DATA TO EXAMINE =>
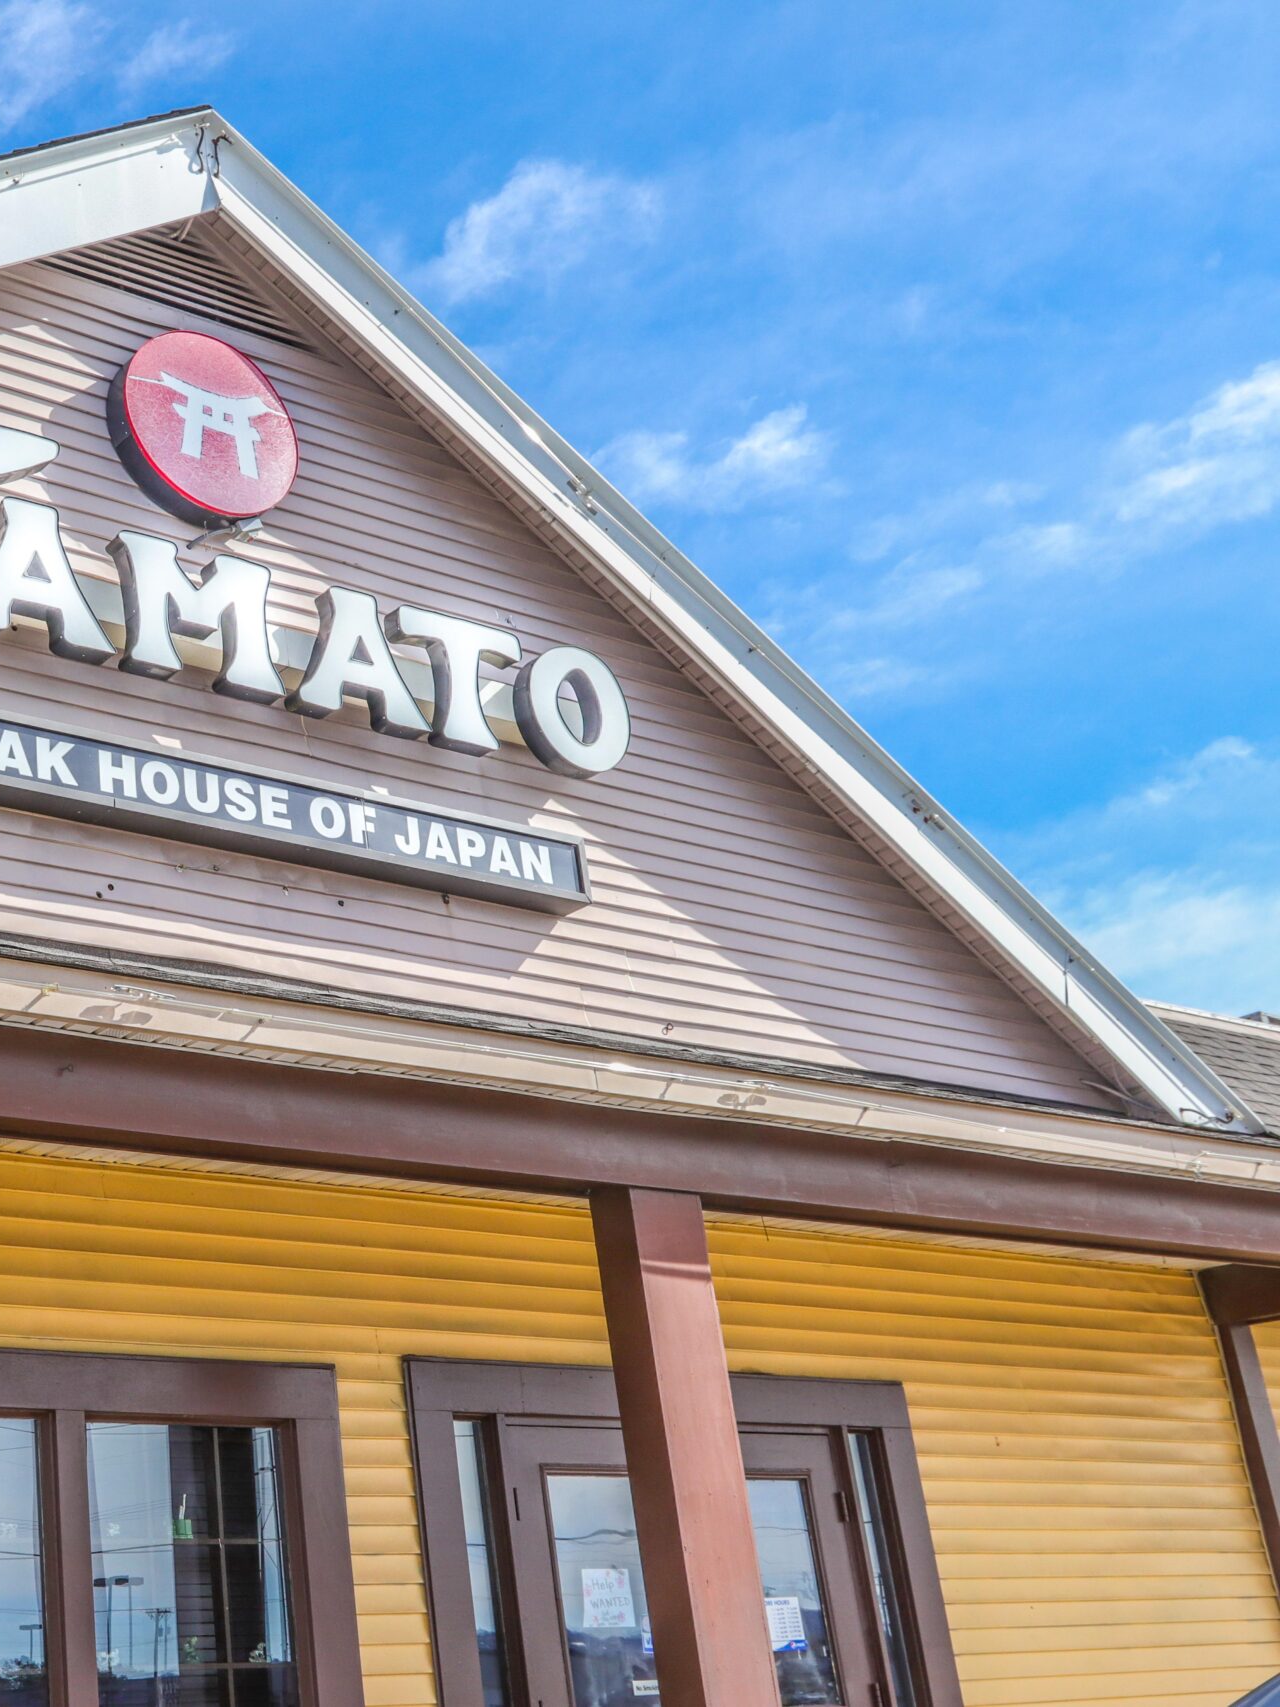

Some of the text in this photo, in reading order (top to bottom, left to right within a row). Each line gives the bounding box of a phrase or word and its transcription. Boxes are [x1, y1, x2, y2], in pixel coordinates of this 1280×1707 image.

[99, 751, 292, 831] HOUSE
[310, 796, 378, 845] OF
[395, 815, 554, 885] JAPAN
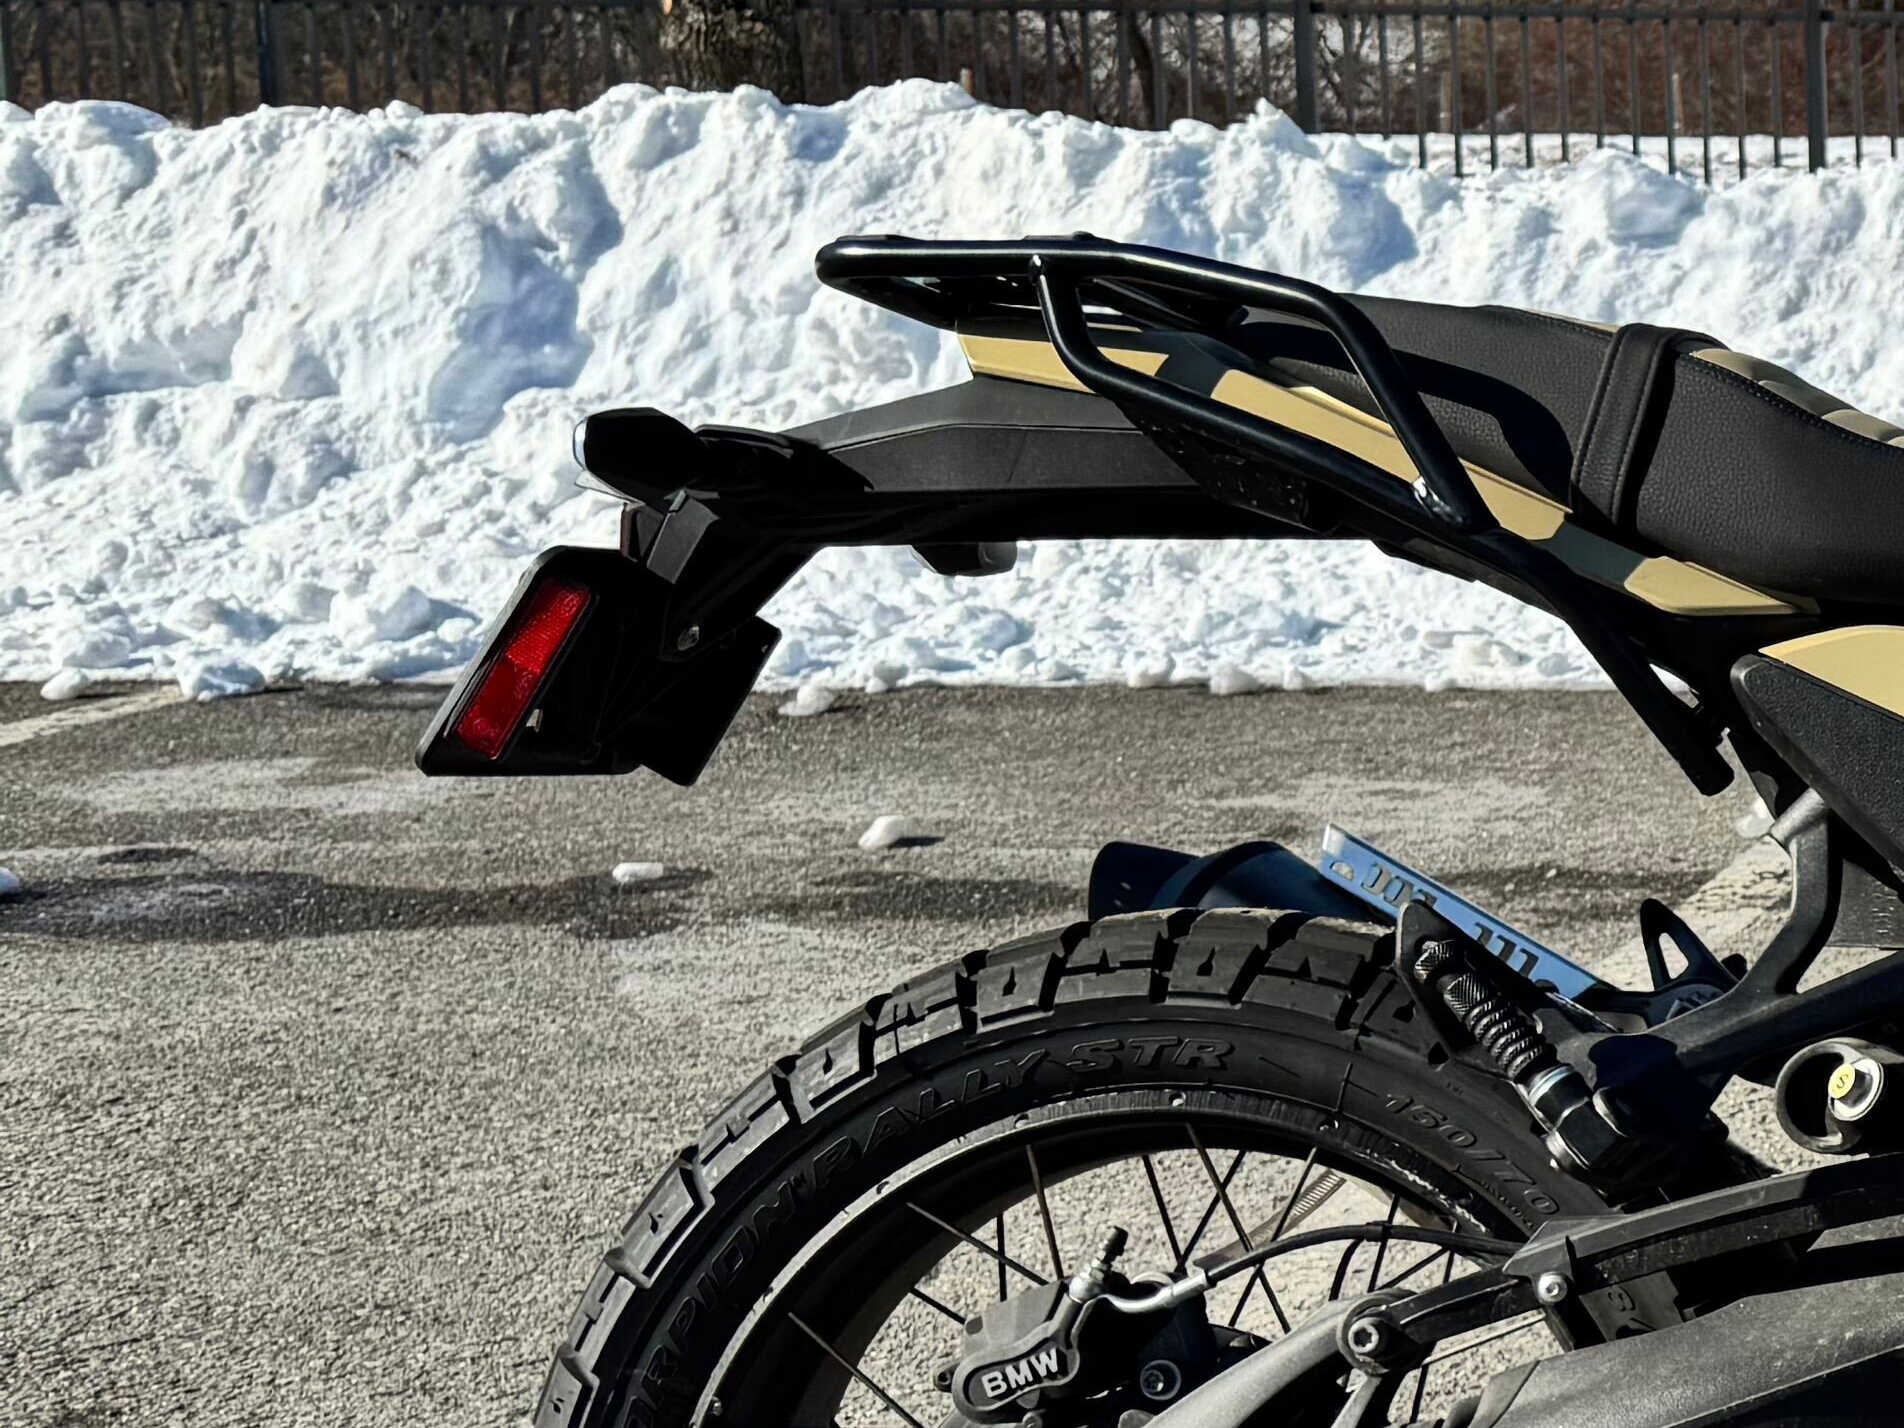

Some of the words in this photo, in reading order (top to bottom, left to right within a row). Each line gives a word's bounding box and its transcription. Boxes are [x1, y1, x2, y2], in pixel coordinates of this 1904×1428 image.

WHAT THIS TASK INVOLVES =>
Write out all the entries exactly, except for the pictures.

OUTPUT FOR THIS TASK =>
Some of the text in this photo, in reading order (top to bottom, left to right within a row). Each line gives the bounding box of a phrase or word and its transcription. Boxes are [x1, y1, x2, y2], in pixel coordinates of this 1280×1707 image.

[99, 751, 292, 831] HOUSE
[310, 796, 378, 845] OF
[395, 815, 554, 885] JAPAN

Some of the words in this photo, in reading order (top to bottom, left to right within a row). Each line gives a word's bounding box and its transcription. Boxes are [x1, y1, x2, y2], in pixel coordinates of this 1904×1428 image.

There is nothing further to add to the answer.